Exercise aim: Every record below should be repeated word for word, with the pictures left out.

Material for this task:
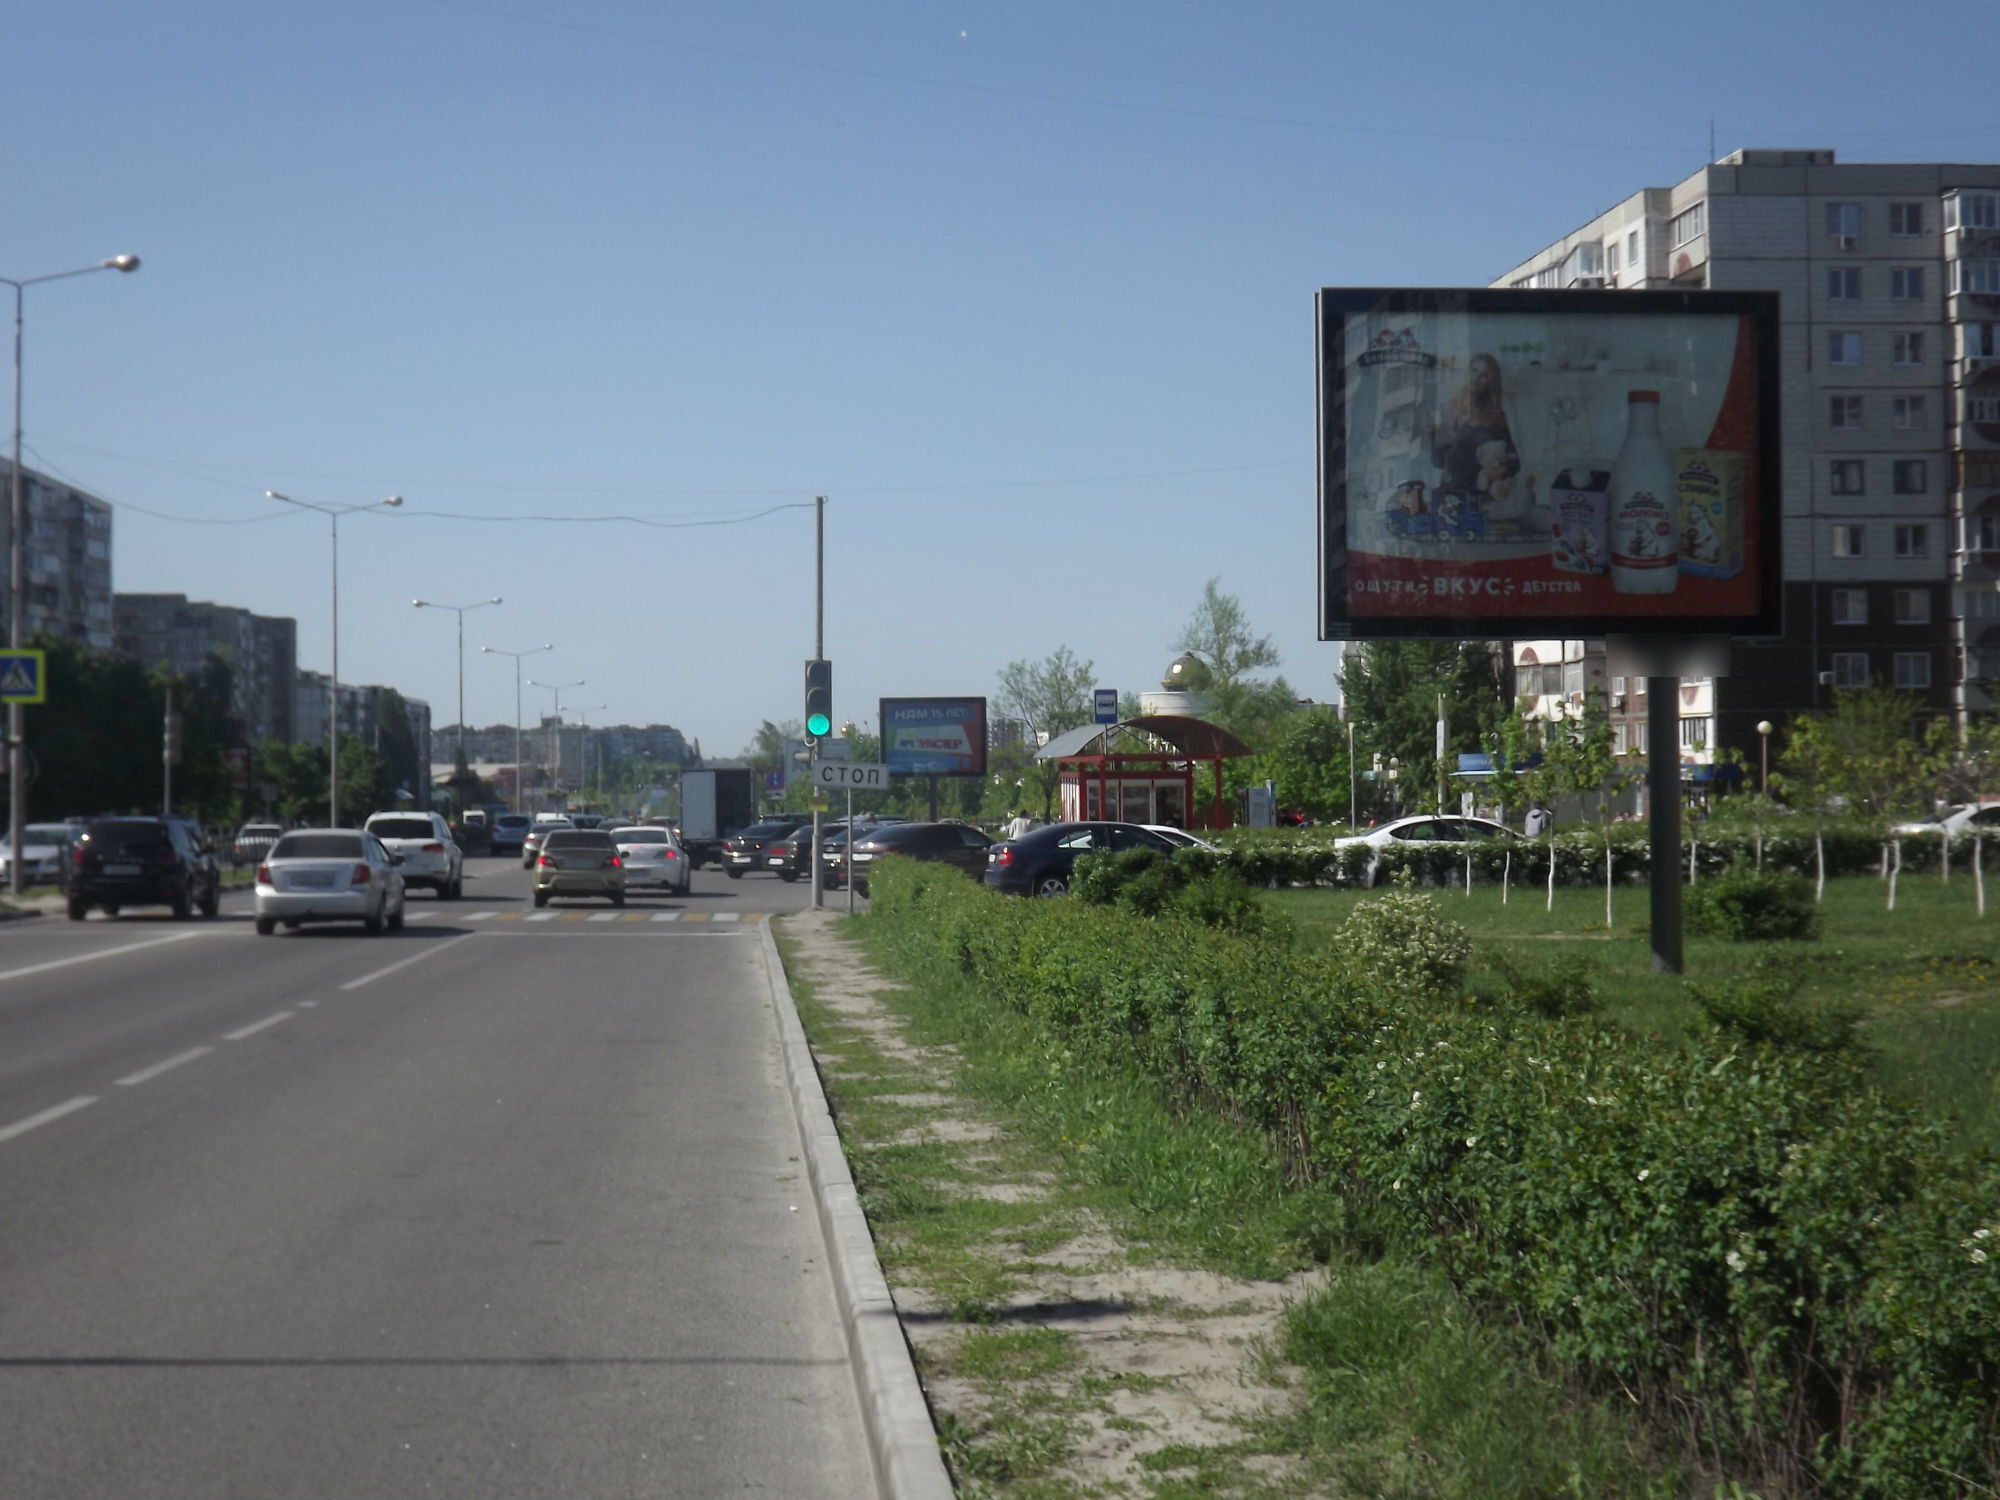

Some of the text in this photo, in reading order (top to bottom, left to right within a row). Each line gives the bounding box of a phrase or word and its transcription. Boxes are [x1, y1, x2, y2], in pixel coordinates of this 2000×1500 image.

[1619, 509, 1669, 520] МОЛОКО
[1355, 577, 1582, 595] ОЩУТИ ВКУС ДЕТСТВА
[894, 709, 928, 721] НАМ
[931, 709, 944, 718] 15
[822, 766, 880, 784] СТОП

Your response:
Some of the text in this photo, in reading order (top to bottom, left to right within a row). Each line gives the bounding box of a phrase or word and its transcription. Boxes are [x1, y1, x2, y2], in pixel coordinates of this 2000×1500 image.

[1619, 509, 1669, 520] МОЛОКО
[1355, 577, 1582, 595] ОЩУТИ ВКУС ДЕТСТВА
[894, 709, 928, 721] НАМ
[931, 709, 944, 718] 15
[822, 766, 880, 784] СТОП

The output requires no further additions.